As the 23.5-inch tall man turned 18 on Sunday, he set the record.

THE GIST

Junrey Balawing is the oldest of four siblings, but measures only 23.5 inches tall.

He stopped growing when was two years old, on Sunday he turned 18.

"He has trouble speaking and standing up, but he is God's blessing to his family and to the community," his father told reporters.

A Filipino blacksmith's son who stopped growing when he was a toddler was declared the world's shortest man Sunday as he celebrated his 18th birthday.

Measuring just 23.5 inches, Junrey Balawing is the oldest of four siblings -- the rest all of normal stature -- born in the rural town of Sindangan on the Philippines' southern island of Mindanao.

"Officially he is the world's shortest man," said Craig Glenday, editor-in-chief of the Guinness Book of World Records who measured Balawing in front of cheering relatives and villagers.

The previous record holder was Khagendra Thapa Magar of Nepal, who was measured in 2010 at just over 26 inches.

"Thank you to all of you for supporting my son, the world's shortest man," Junrey's father, Reynaldo, told a crush of reporters and photographers.

Junrey then blew out a candle on a cake specially made for him, before telling the crowd in a tiny voice in the local dialect: "Kapoy (I'm tired)."

A throng of well-wishers, including politicians, witnessed the official measurement then handed him wads of cash which his parents said would go towards the family's meager savings.

Junrey's father said he had always believed his son to be special.

He said he had been sickly as a toddler and stopped growing when he was two years old, but local doctors who examined him could not diagnose the problem.

His mother, Concepcion, said Junrey has difficulty standing for long periods and has to be assisted when walking.
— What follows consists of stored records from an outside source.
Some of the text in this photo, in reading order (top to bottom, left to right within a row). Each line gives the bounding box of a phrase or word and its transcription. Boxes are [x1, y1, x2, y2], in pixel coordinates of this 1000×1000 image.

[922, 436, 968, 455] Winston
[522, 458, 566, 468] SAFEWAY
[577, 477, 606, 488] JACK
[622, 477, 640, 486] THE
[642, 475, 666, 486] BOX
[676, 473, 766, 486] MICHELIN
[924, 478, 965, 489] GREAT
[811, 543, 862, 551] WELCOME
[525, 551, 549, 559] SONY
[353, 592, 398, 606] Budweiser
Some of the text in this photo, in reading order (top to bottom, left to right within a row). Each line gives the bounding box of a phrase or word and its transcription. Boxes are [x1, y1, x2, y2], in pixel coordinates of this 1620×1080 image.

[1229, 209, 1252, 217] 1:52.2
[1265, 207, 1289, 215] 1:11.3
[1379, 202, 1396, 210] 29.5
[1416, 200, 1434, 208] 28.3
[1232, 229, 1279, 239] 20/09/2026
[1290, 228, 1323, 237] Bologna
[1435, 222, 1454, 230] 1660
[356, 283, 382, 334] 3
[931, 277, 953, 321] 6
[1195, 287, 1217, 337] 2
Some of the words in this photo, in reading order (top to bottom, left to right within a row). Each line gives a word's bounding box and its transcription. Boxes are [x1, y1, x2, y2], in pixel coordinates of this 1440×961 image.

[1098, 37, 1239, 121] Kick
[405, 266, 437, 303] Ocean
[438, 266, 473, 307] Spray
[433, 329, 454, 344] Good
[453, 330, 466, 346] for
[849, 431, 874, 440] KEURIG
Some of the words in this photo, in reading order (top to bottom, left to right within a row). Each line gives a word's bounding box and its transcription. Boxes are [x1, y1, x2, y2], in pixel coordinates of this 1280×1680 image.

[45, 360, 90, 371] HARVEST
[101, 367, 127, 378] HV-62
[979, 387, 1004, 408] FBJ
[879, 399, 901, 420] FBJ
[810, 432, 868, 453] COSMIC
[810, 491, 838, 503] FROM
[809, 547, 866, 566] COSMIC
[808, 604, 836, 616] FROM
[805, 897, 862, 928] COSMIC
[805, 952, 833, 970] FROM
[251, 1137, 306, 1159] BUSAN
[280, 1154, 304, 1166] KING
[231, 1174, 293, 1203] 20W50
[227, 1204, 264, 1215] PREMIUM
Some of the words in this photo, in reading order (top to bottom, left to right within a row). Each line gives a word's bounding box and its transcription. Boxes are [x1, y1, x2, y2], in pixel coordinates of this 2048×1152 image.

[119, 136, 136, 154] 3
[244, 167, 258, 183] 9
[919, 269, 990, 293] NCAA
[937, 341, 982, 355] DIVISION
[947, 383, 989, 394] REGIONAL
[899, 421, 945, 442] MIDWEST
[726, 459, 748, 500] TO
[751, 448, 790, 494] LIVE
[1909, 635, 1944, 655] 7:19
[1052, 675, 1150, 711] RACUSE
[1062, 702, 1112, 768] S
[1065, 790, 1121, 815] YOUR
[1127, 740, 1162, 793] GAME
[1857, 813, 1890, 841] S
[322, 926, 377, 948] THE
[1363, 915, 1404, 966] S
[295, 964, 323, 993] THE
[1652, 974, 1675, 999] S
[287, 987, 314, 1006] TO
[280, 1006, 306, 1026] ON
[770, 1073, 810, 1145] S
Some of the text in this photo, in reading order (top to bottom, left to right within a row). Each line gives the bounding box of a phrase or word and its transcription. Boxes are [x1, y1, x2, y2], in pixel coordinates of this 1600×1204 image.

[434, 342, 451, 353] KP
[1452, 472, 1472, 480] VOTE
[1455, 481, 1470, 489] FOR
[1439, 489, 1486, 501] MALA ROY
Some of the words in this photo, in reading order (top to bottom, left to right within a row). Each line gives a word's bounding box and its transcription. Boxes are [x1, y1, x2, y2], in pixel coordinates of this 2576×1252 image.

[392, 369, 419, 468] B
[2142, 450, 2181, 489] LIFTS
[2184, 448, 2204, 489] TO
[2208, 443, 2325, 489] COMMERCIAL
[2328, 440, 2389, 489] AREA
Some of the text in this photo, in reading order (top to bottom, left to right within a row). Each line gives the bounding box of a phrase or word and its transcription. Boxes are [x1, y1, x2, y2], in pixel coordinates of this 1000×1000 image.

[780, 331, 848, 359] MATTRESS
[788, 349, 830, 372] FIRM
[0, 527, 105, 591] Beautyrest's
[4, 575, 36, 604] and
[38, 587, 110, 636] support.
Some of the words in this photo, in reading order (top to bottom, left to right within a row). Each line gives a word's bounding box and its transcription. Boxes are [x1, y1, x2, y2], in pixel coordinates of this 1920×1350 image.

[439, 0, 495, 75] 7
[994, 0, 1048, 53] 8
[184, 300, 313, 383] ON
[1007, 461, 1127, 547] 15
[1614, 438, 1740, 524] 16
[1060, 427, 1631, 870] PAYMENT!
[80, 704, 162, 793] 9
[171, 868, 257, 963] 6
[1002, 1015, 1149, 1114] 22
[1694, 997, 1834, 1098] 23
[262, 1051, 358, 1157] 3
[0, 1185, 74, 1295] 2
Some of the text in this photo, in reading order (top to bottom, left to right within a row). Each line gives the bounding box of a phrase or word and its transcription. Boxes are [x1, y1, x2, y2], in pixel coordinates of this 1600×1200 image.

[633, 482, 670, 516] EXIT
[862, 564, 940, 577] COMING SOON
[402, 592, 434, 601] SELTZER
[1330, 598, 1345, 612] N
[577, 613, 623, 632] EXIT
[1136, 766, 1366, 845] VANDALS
The couple at first enrolled Junrey at a regular school, but eventually had to pull him out because of his safety -- children would crowd around him and on one occasion nearly crushed him in their curiosity, his relatives said.

His uncle, Paulino Empag, who is the local village chief, said friends and relatives were very protective of Junrey and some considered his special condition a lucky charm for the rural, superstitious community.

"He is a very special boy. He has trouble speaking and standing up, but he is God's blessing to his family and to the community," he said.

After the official announcement, Empag said the family was expected to return to their modest home in the village and celebrate Junrey's birthday.

"Noodles and meat have been prepared. We're just happy for him," Empag said.

Empag said he hoped Junrey would learn from his predecessor, Khagendra, and turn his new-found fame into something financially tangible for his impoverished parents.

"We would like to congratulate Junrey Balawing of the Philippines for being the world's shortest man. This is the way the nature works," Min Bahadur Rana Magar, chairman of Khagendra's foundation, said.

"Khagendra's record was a blessing for him and his family. He entertained everyone he met with his dances and quirks."

Khagendra's stint as world's shortest man saw him travel to more than a dozen countries and make special television appearances in Europe and the United States.

He had also become the official face of Nepal's tourism campaign, which featured him as he smallest man in a country that is home to Mount Everest, the world's highest peak.